§ **Work to complete**
Reproduce every record below exactly, with the pictures left out.

§ **Data excerpts**

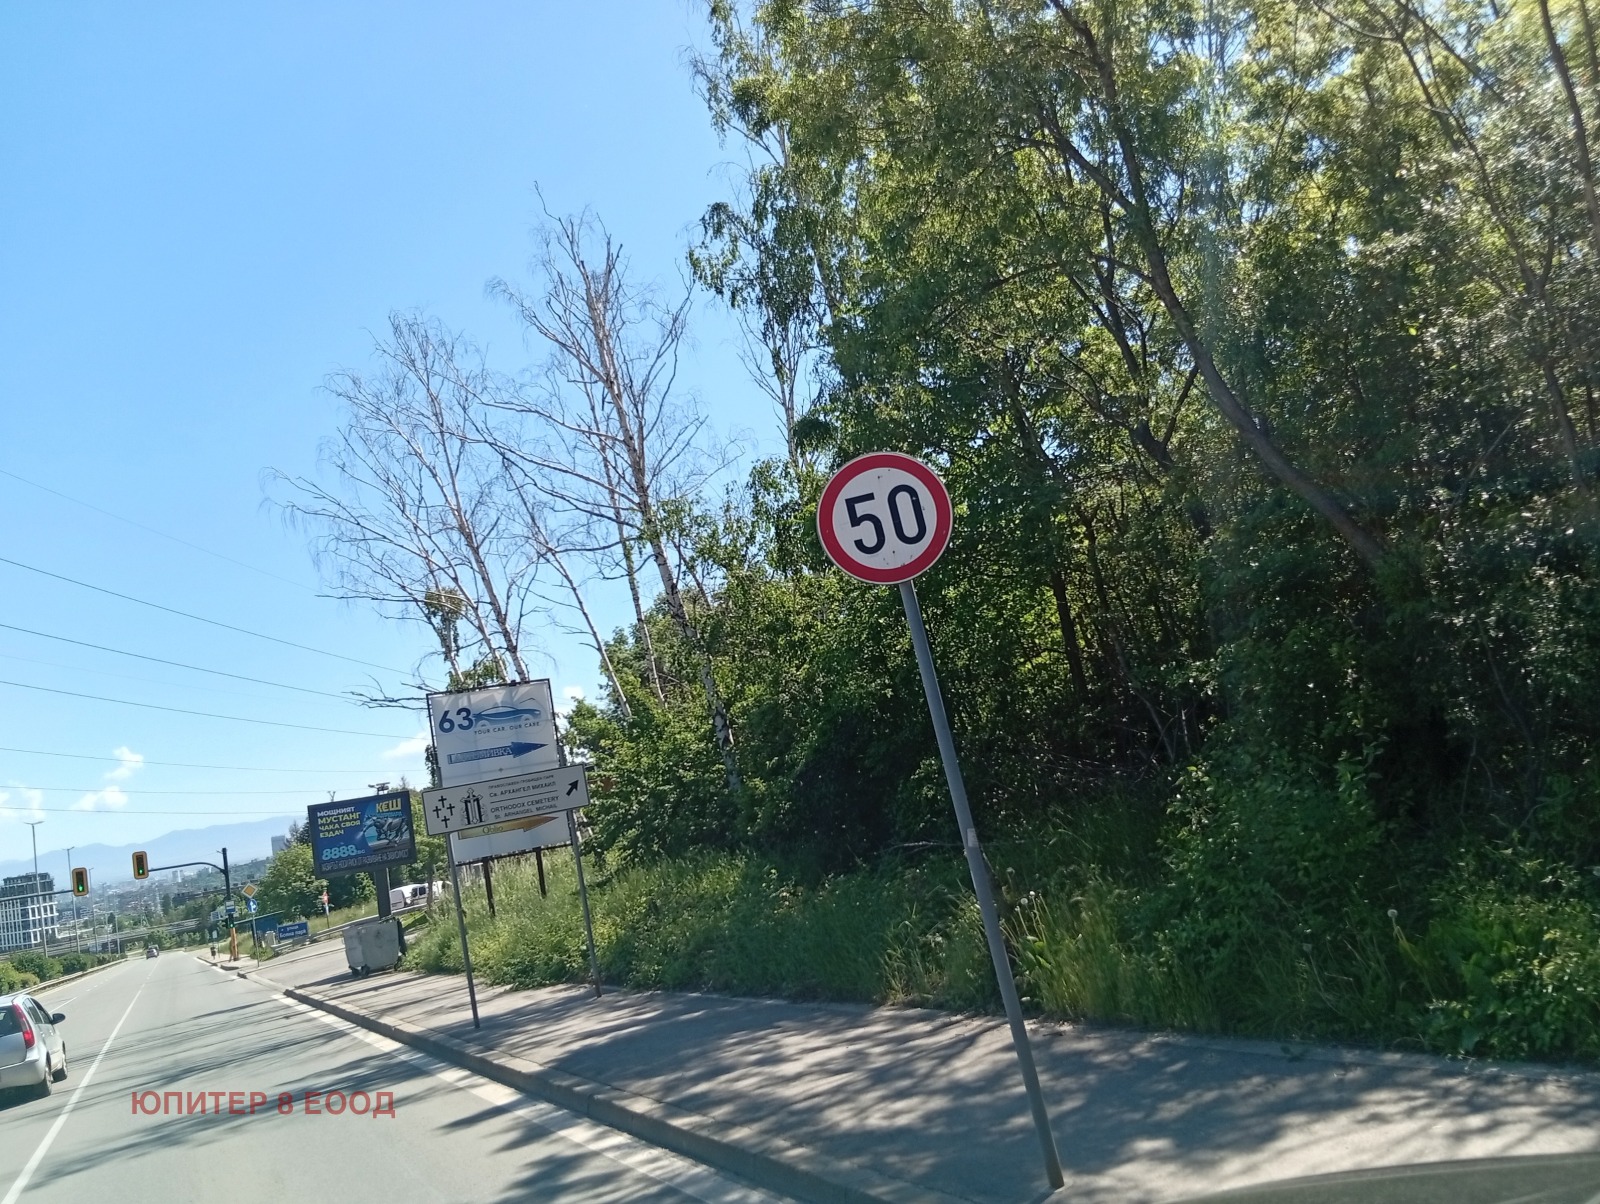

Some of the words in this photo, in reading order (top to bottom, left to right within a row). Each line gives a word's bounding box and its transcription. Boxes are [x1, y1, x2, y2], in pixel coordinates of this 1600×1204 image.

[845, 484, 927, 555] 50
[438, 707, 474, 734] 63
[500, 785, 531, 796] АРХАНГЕЛ
[532, 780, 557, 790] МИХАИЛ
[317, 806, 355, 817] МОЩНИЯТ
[375, 798, 402, 813] КЕШ
[490, 801, 525, 814] ORTHODOX
[526, 796, 559, 807] CEMETERY
[317, 811, 361, 825] МУСТАНГ
[504, 808, 534, 818] ARHANGEL
[318, 823, 340, 832] ЧАКА
[319, 829, 344, 838] ЕЗДАЧ

§ **Exercise solution**
Some of the words in this photo, in reading order (top to bottom, left to right within a row). Each line gives a word's bounding box and its transcription. Boxes are [x1, y1, x2, y2], in pixel coordinates of this 1600×1204 image.

[845, 484, 927, 555] 50
[438, 707, 474, 734] 63
[500, 785, 531, 796] АРХАНГЕЛ
[532, 780, 557, 790] МИХАИЛ
[317, 806, 355, 817] МОЩНИЯТ
[375, 798, 402, 813] КЕШ
[490, 801, 525, 814] ORTHODOX
[526, 796, 559, 807] CEMETERY
[317, 811, 361, 825] МУСТАНГ
[504, 808, 534, 818] ARHANGEL
[318, 823, 340, 832] ЧАКА
[319, 829, 344, 838] ЕЗДАЧ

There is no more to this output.